THE INPUT »
***
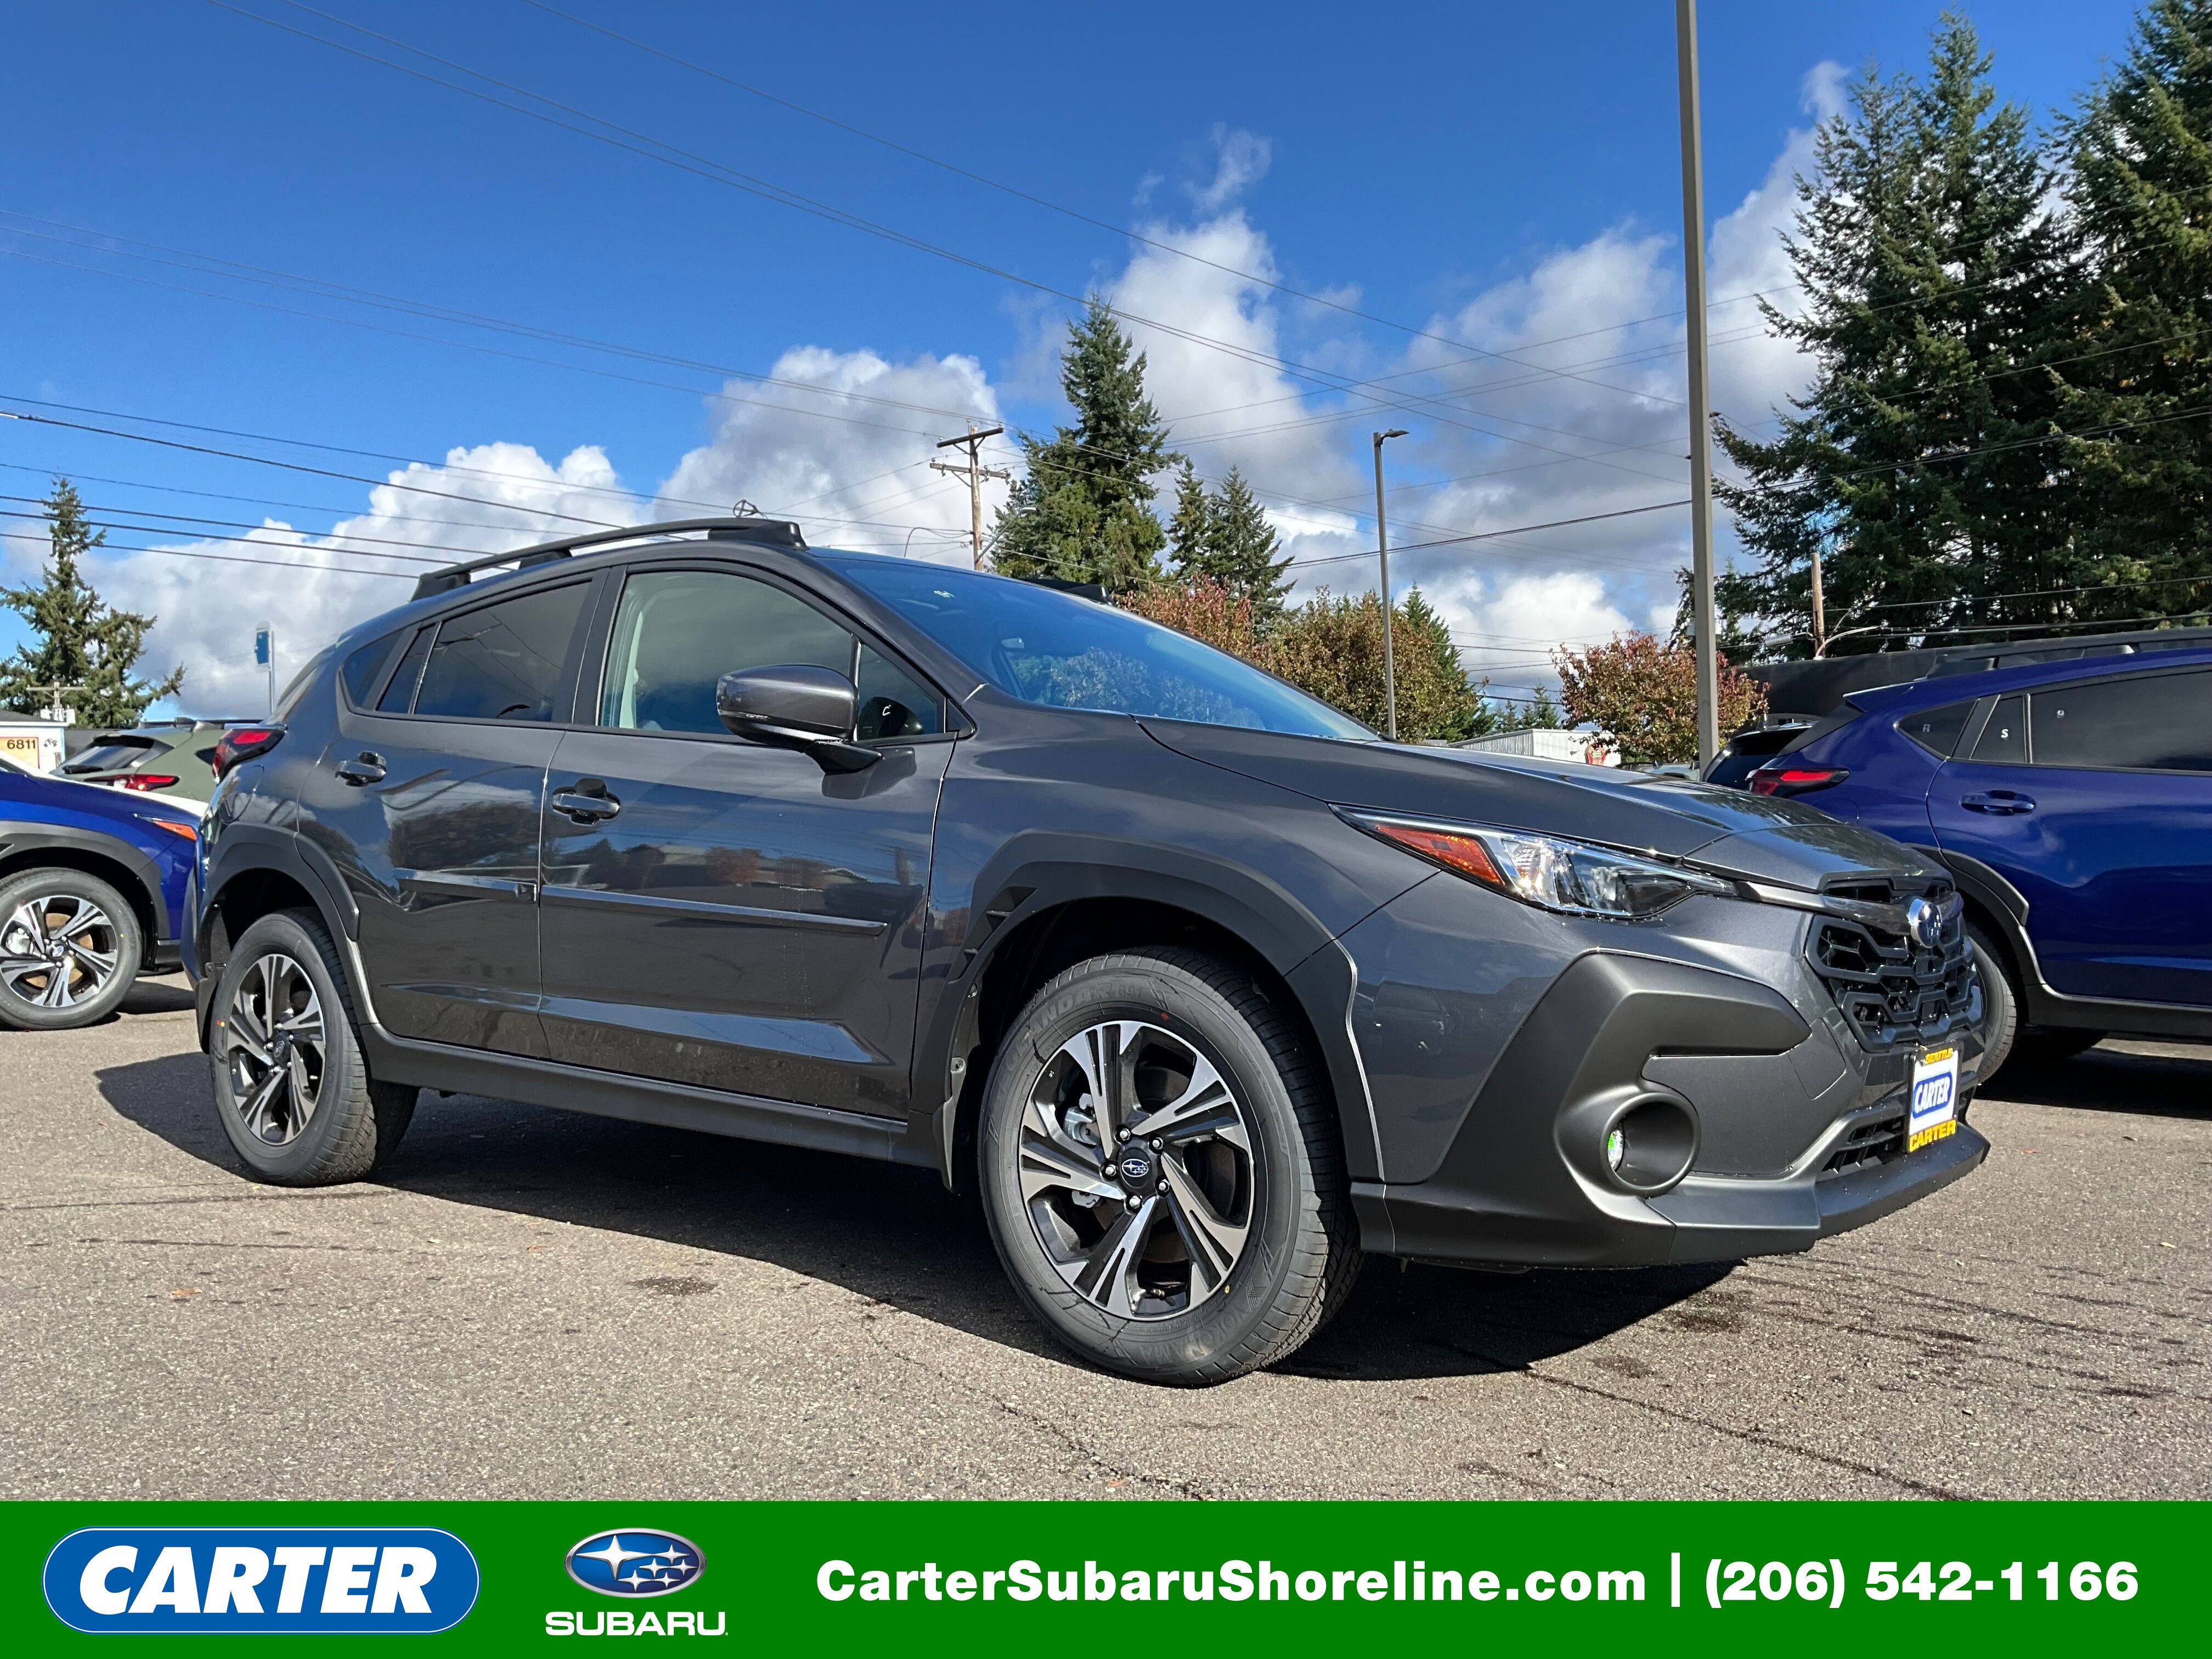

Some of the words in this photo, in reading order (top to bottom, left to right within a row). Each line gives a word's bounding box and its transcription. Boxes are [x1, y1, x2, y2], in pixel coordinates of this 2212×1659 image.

[7, 739, 36, 750] 6811
[1925, 1048, 1954, 1064] SEATTLE
[1914, 1076, 1951, 1114] CARTER
[1909, 1119, 1957, 1152] CARTER
***
TASK »
Return the whole listing, word for word, and leave out every picture.

WRITTEN RESPONSE »
Some of the words in this photo, in reading order (top to bottom, left to right within a row). Each line gives a word's bounding box and its transcription. Boxes are [x1, y1, x2, y2], in pixel coordinates of this 2212×1659 image.

[7, 739, 36, 750] 6811
[1925, 1048, 1954, 1064] SEATTLE
[1914, 1076, 1951, 1114] CARTER
[1909, 1119, 1957, 1152] CARTER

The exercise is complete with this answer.